This website has four purposes, around three cross country skiing
- Techniques of cross country skiing.
- Places to ski, and styles of exploring and traveling.
- Ways to have fun and play games and appreciate the beauty of cross country skiing.
- identify helpful or interesting questions about those topics
And sometimes identify useful categories of
perspectives and goals of skiers asking or bumping into those
- identify resources publicly available in English on
the web that address those questions.
And to describe those resources in ways that skiers can quickly
jump to the
kind of information that is more helpful to them and their current
perspective and goals.
Where there are multiple perspectives or conflicting
views to a question, provide access to sources that express and debate
those different opinions.
- to fill in gaps in the information publicly available for those
topics and questions on the web.
- to provide analysis and raise questions about skiing techniques
from a perspective of basic physics.
where "basic physics" here means old-time Newtonian
mechanics of force and velocity, not quarks and quantum levels.
My perspective is that someday all the information and interesting
viewpoints will be richly available on the web.
Right now we're
a long way from that on some topics, so this website has a role in
describing and assessing the limited current resources, and in trying to
fill in some of the gaps. Search engines provide long lists of
matches, but they do not assess the quality of those matches, or which
ones are more helpful to a skiing-specific perspective or goal.
In the future the other existing resources will be expanded and new
resources will appear on the web. In response to that, some of the
detailed content on this website will be replaced by links to other
websites, together with brief comments describing, interpreting and
appreciating those other resources.
Example: This website's page on Dryland
Learning and Training for Classic techniques provides a framework
and perspective for "uphill ski walking". But it offers
little detail about how to do it. Instead it gives a link to the
NENSA Classic Dryland drills page, and describes briefly why it is
such a helpful resource for this detail.
I hope that in some cases, the creators of the new content will have
been stimulated by my gap-filling attempts -- with the confidence that
even though their work would have flaws, at least it will fix the
deficiencies and errors in my attempts, while carrying forward the
(few?) good ideas.
Then for some topics, even the framework
of interesting and helpful questions on this website might be replaced
by a link to another resource that offered a superior framework.

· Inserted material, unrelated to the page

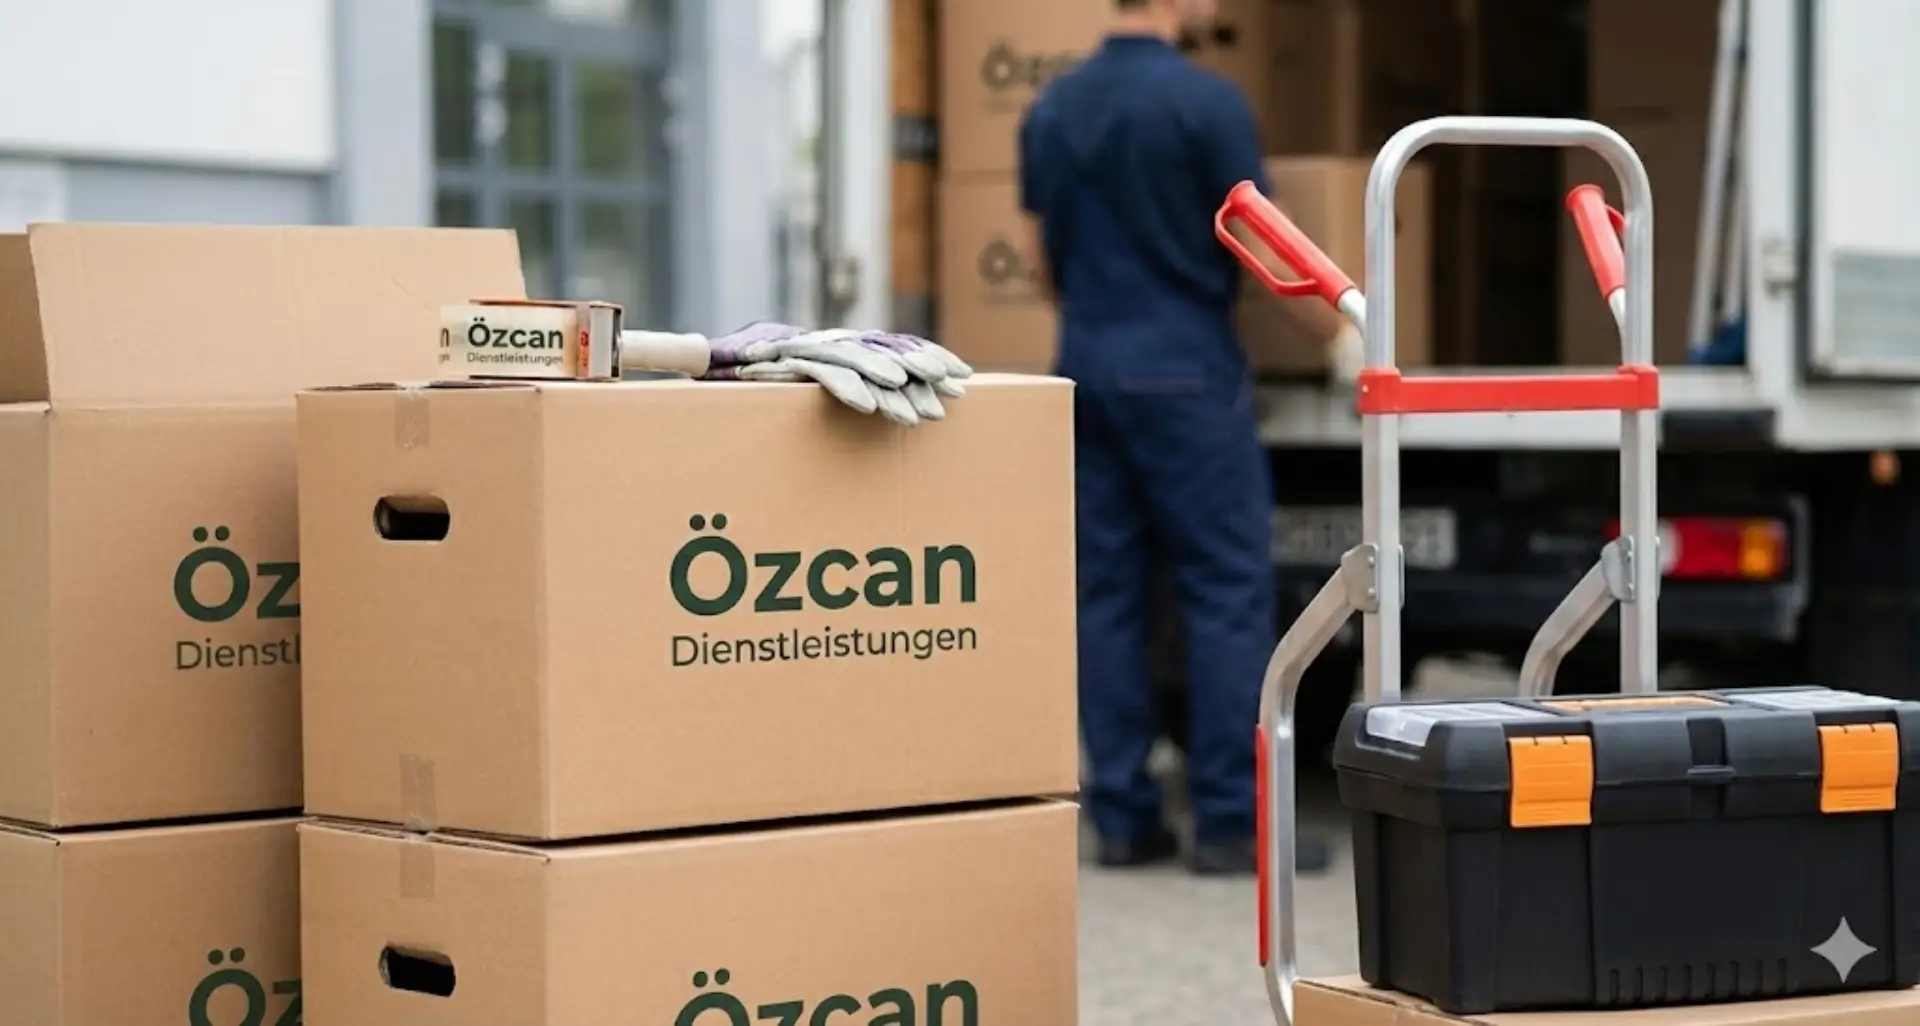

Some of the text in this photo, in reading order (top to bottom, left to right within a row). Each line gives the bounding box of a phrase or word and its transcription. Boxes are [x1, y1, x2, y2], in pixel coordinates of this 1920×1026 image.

[467, 316, 564, 349] Özcan
[670, 513, 977, 617] Özcan
[671, 626, 977, 667] Dienstleistungen

For others, my framework might outlive that, and continue alongside as
helpful for a minority of persons in a minority of situations.
Right now the useful information out there on the Web is pretty "thin"
- cross country skiing techniques
- identifying questions about fun and beauty
- "games" other than racing
But the Web is already fairly "rich" on:
- normal places for normal kinds of cross-country skiing
"games" at normal seasons of the year.
- the racing game.
Techniques: This website currently has a lot of detailed
content about Classic techniques, because I think they are tricky and
interesting and not much in depth is available about them in English --
not even in print books, let alone the web. And because I was very
interested in classic-technique racing last year. And because my
background in research with multi-joint robots and robotic perception
gave me a special fascination with applying a "robotic"
approach to analyze that tricky technique.
technique is more straightforward, and the key questions have been
clearly raised and addressed in English, so my focus there is more on
definitions and links.
Places: Here it is easy to
provide links to general websites that already do a good job of
providing a framework and links to place-specific resources. I've
only filled in "gaps" with an odd topic that connects with me
(out-of-season snow), and with a website about a region (the Hudson
river valley) that I love but which is not well known for skiing.
Fun, Games, Beauty: I've only started getting into
questions of fun and beauty and games -- by way of concern about how
to learn techniques -- which in turn led me to what the motivations
of learning and practicing new techniques might be. But it's a
topic I'm interested to explore further.